Start of Provided records

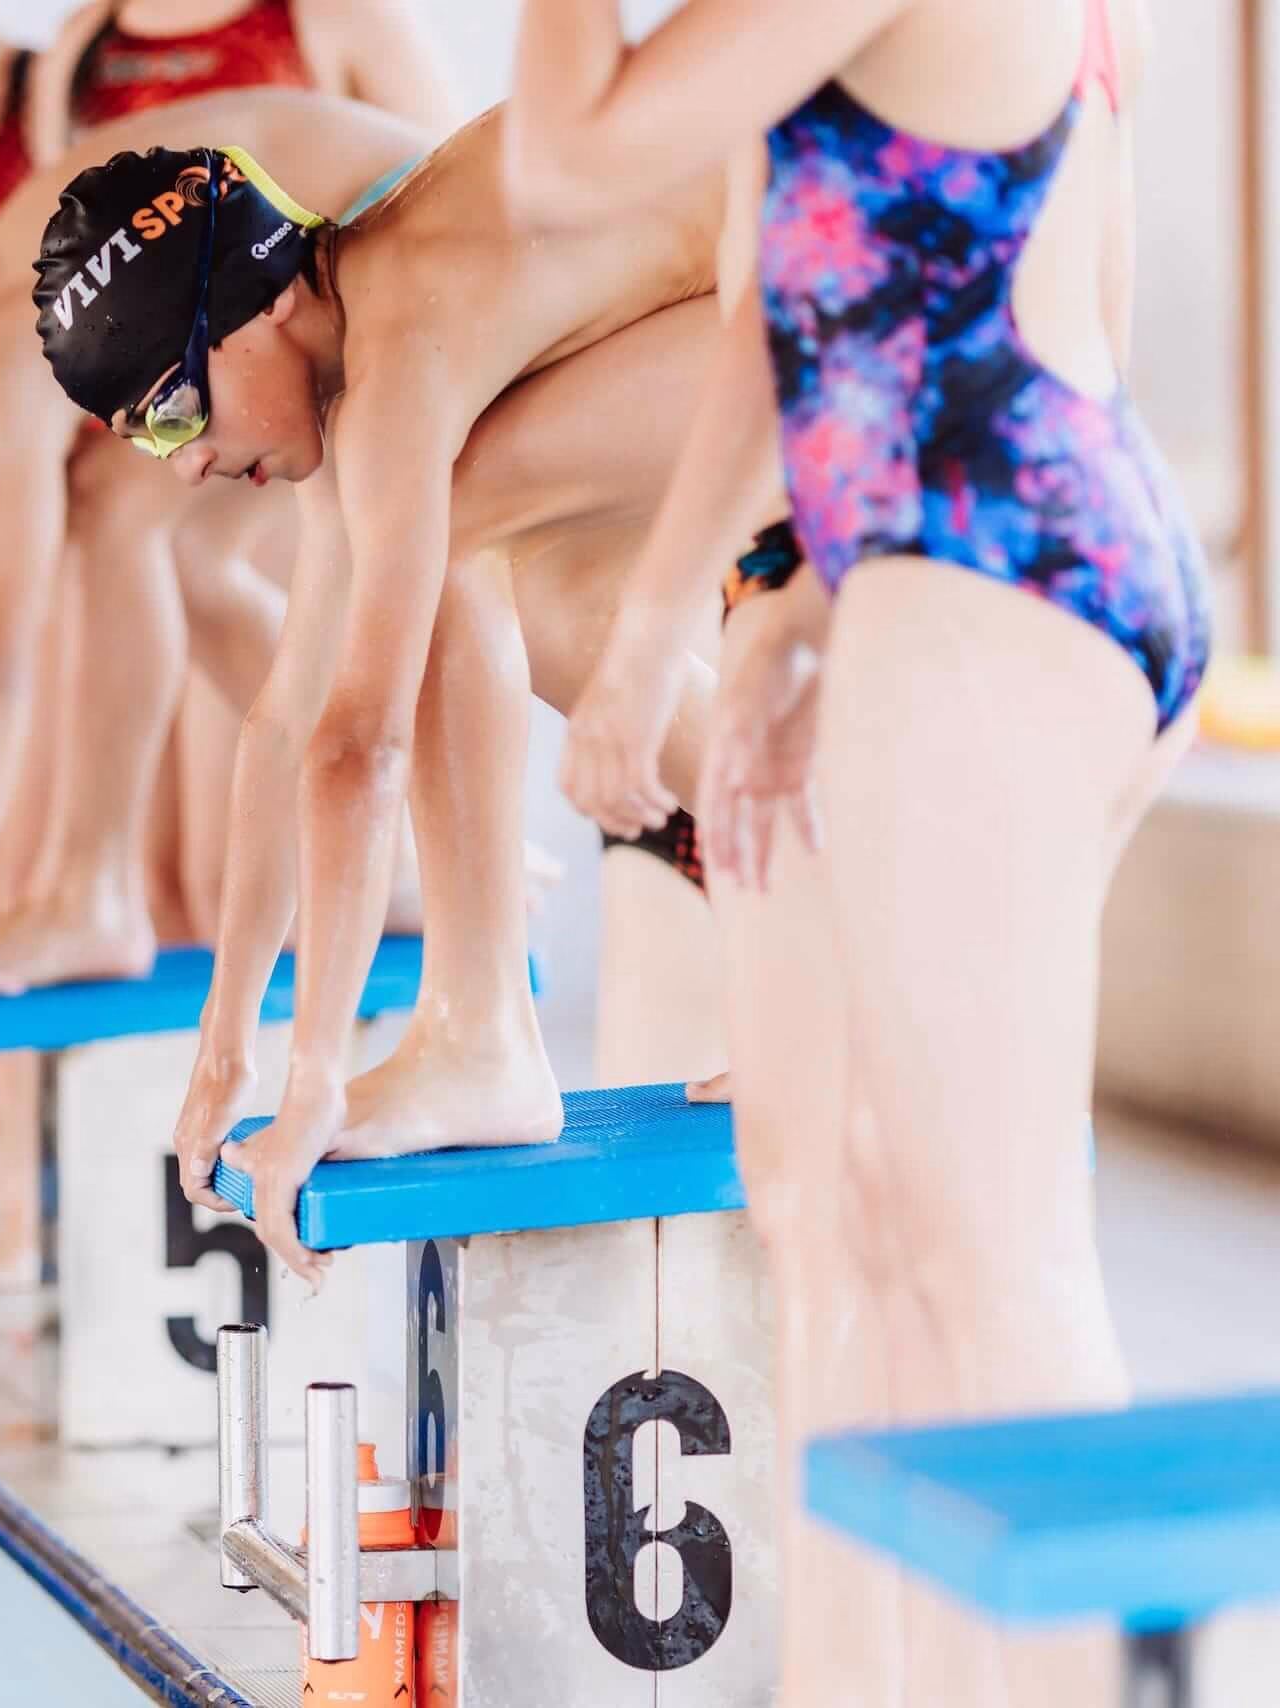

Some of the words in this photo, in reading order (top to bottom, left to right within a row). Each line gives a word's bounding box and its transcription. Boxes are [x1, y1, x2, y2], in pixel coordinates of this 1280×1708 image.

[53, 228, 142, 331] VIVI
[166, 1154, 269, 1373] 5
[584, 1369, 732, 1671] 6
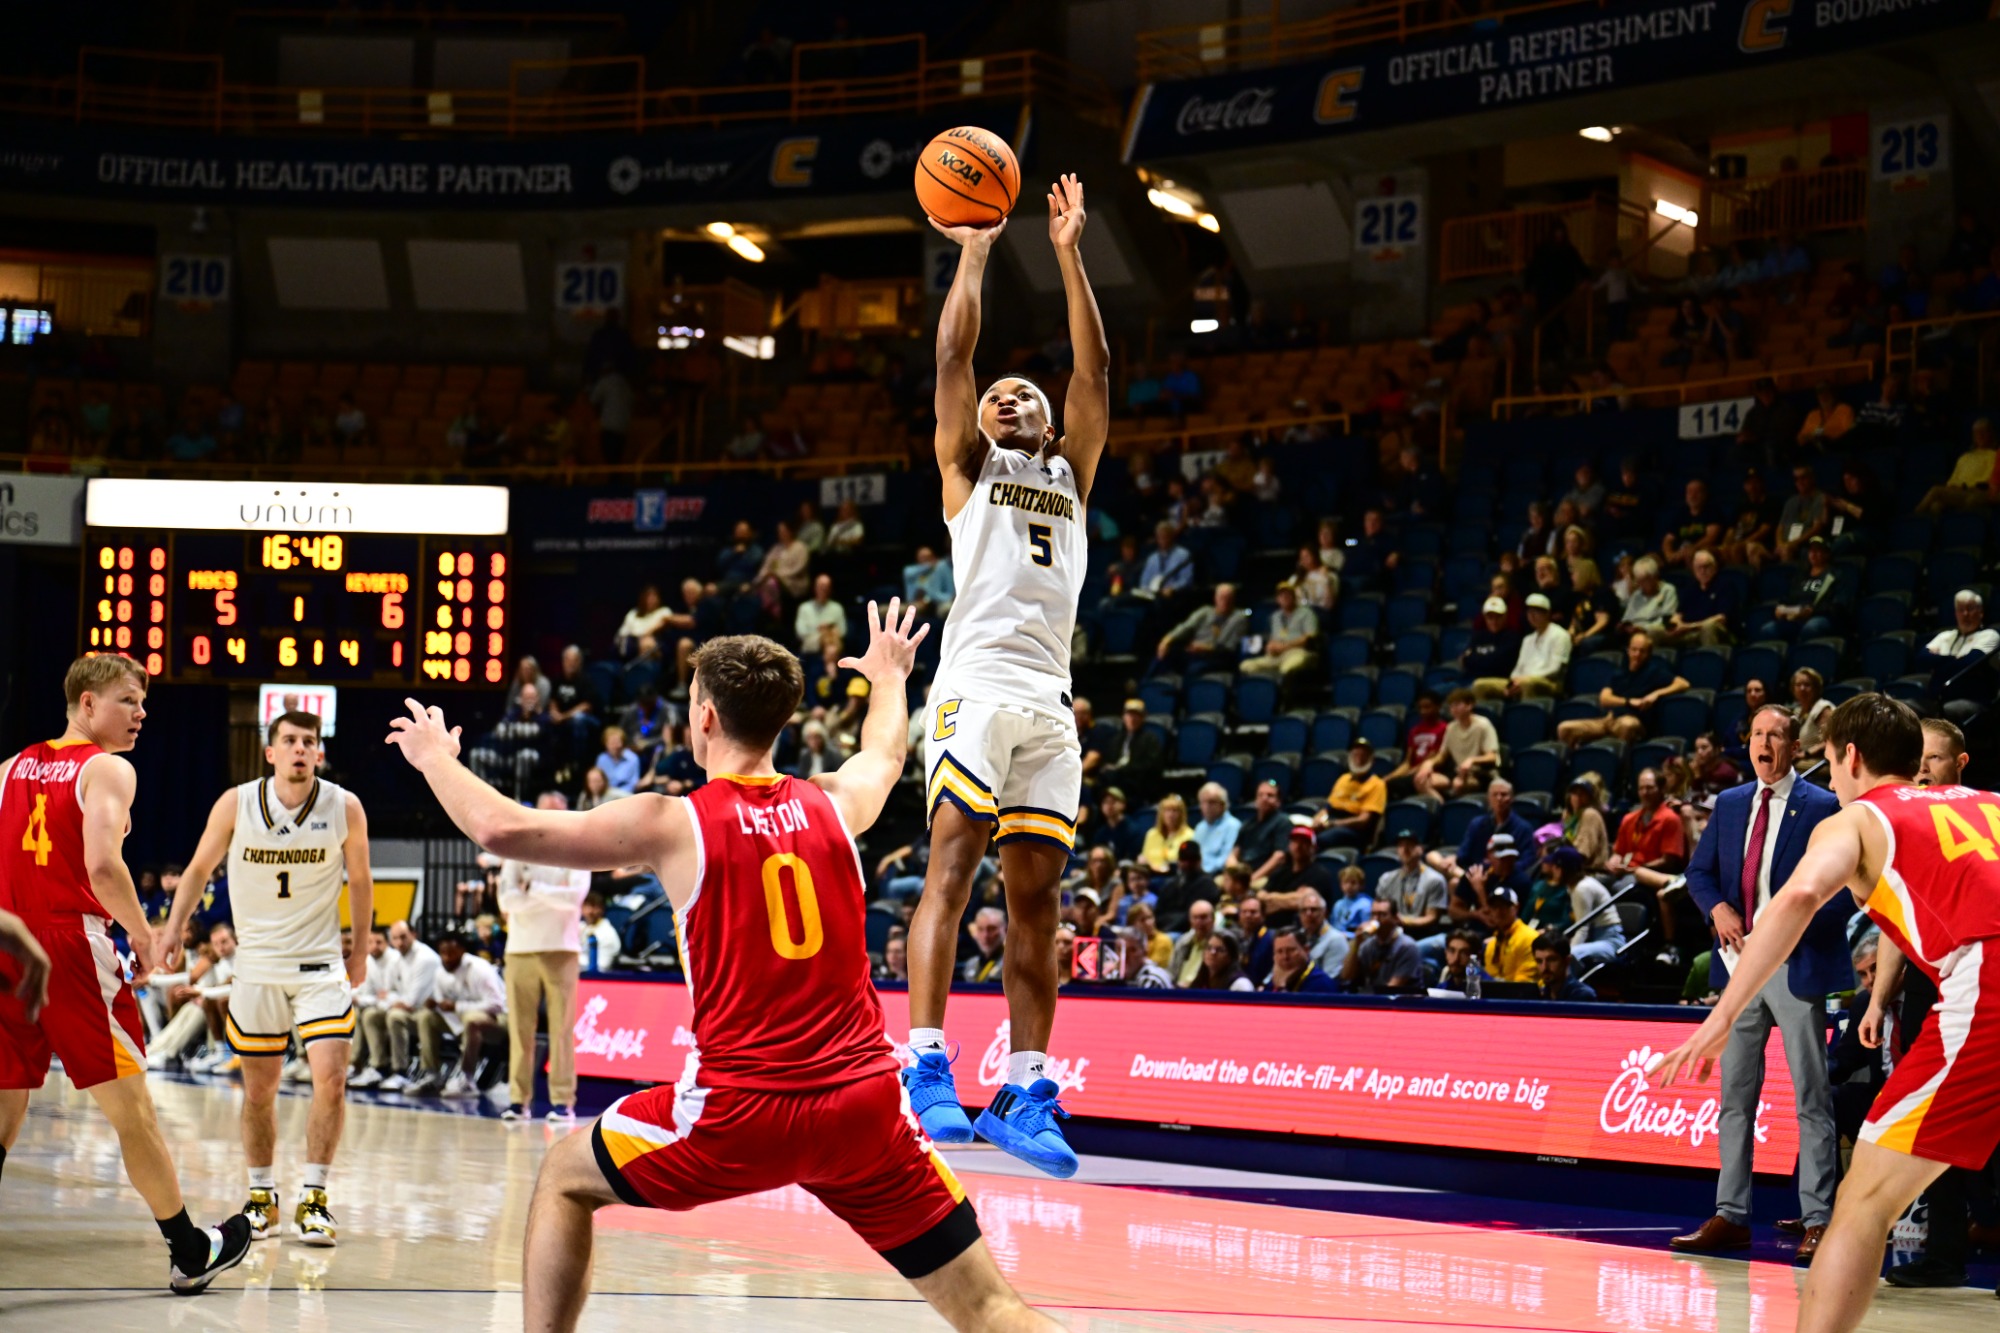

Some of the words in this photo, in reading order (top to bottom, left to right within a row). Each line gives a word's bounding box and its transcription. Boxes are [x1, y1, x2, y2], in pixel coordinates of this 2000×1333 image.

[1388, 40, 1502, 86] OFFICIAL
[1508, 2, 1717, 66] REFRESHMENT
[1478, 54, 1615, 105] PARTNER
[1881, 123, 1938, 173] 213
[97, 152, 226, 189] OFFICIAL
[235, 158, 429, 193] HEALTHCARE
[436, 163, 574, 195] PARTNER
[937, 151, 983, 187] NCAA
[1362, 201, 1417, 244] 212
[167, 260, 223, 297] 210
[564, 267, 618, 304] 210
[1693, 402, 1739, 434] 114
[240, 499, 352, 524] unum
[990, 481, 1075, 524] CHATTANOOG
[262, 534, 343, 571] 16:48
[1028, 522, 1053, 567] 5
[105, 574, 115, 595] 1
[215, 590, 237, 626] 5
[294, 596, 304, 622] 1
[381, 592, 404, 629] 6
[461, 606, 473, 628] 1
[90, 627, 113, 647] 11
[192, 635, 211, 665] 0
[227, 637, 246, 664] 4
[278, 636, 298, 667] 6
[313, 639, 323, 665] 1
[339, 639, 359, 666] 4
[392, 640, 403, 667] 1
[266, 692, 328, 725] EIT
[22, 792, 52, 867] 4
[735, 798, 810, 838] LISTON
[242, 847, 326, 865] CHATTANOOGA
[276, 871, 291, 899] 1
[761, 851, 824, 960] 0
[1130, 1053, 1218, 1083] Download
[1217, 1059, 1249, 1085] the
[1362, 1067, 1405, 1100] App
[1406, 1072, 1450, 1098] and
[1450, 1078, 1511, 1102] score
[1513, 1076, 1550, 1111] big

End of Provided records

**About this task:**
Set down all entries above again, exactly, without images.

**Answer to the exercise:**
Some of the words in this photo, in reading order (top to bottom, left to right within a row). Each line gives a word's bounding box and its transcription. Boxes are [x1, y1, x2, y2], in pixel coordinates of this 1280×1708 image.

[53, 228, 142, 331] VIVI
[166, 1154, 269, 1373] 5
[584, 1369, 732, 1671] 6

Some of the words in this photo, in reading order (top to bottom, left to right within a row). Each line gives a word's bounding box and its transcription. Boxes are [x1, y1, x2, y2], in pixel coordinates of this 2000×1333 image.

[1388, 40, 1502, 86] OFFICIAL
[1508, 2, 1717, 66] REFRESHMENT
[1478, 54, 1615, 105] PARTNER
[1881, 123, 1938, 173] 213
[97, 152, 226, 189] OFFICIAL
[235, 158, 429, 193] HEALTHCARE
[436, 163, 574, 195] PARTNER
[937, 151, 983, 187] NCAA
[1362, 201, 1417, 244] 212
[167, 260, 223, 297] 210
[564, 267, 618, 304] 210
[1693, 402, 1739, 434] 114
[240, 499, 352, 524] unum
[990, 481, 1075, 524] CHATTANOOG
[262, 534, 343, 571] 16:48
[1028, 522, 1053, 567] 5
[105, 574, 115, 595] 1
[215, 590, 237, 626] 5
[294, 596, 304, 622] 1
[381, 592, 404, 629] 6
[461, 606, 473, 628] 1
[90, 627, 113, 647] 11
[192, 635, 211, 665] 0
[227, 637, 246, 664] 4
[278, 636, 298, 667] 6
[313, 639, 323, 665] 1
[339, 639, 359, 666] 4
[392, 640, 403, 667] 1
[266, 692, 328, 725] EIT
[22, 792, 52, 867] 4
[735, 798, 810, 838] LISTON
[242, 847, 326, 865] CHATTANOOGA
[276, 871, 291, 899] 1
[761, 851, 824, 960] 0
[1130, 1053, 1218, 1083] Download
[1217, 1059, 1249, 1085] the
[1362, 1067, 1405, 1100] App
[1406, 1072, 1450, 1098] and
[1450, 1078, 1511, 1102] score
[1513, 1076, 1550, 1111] big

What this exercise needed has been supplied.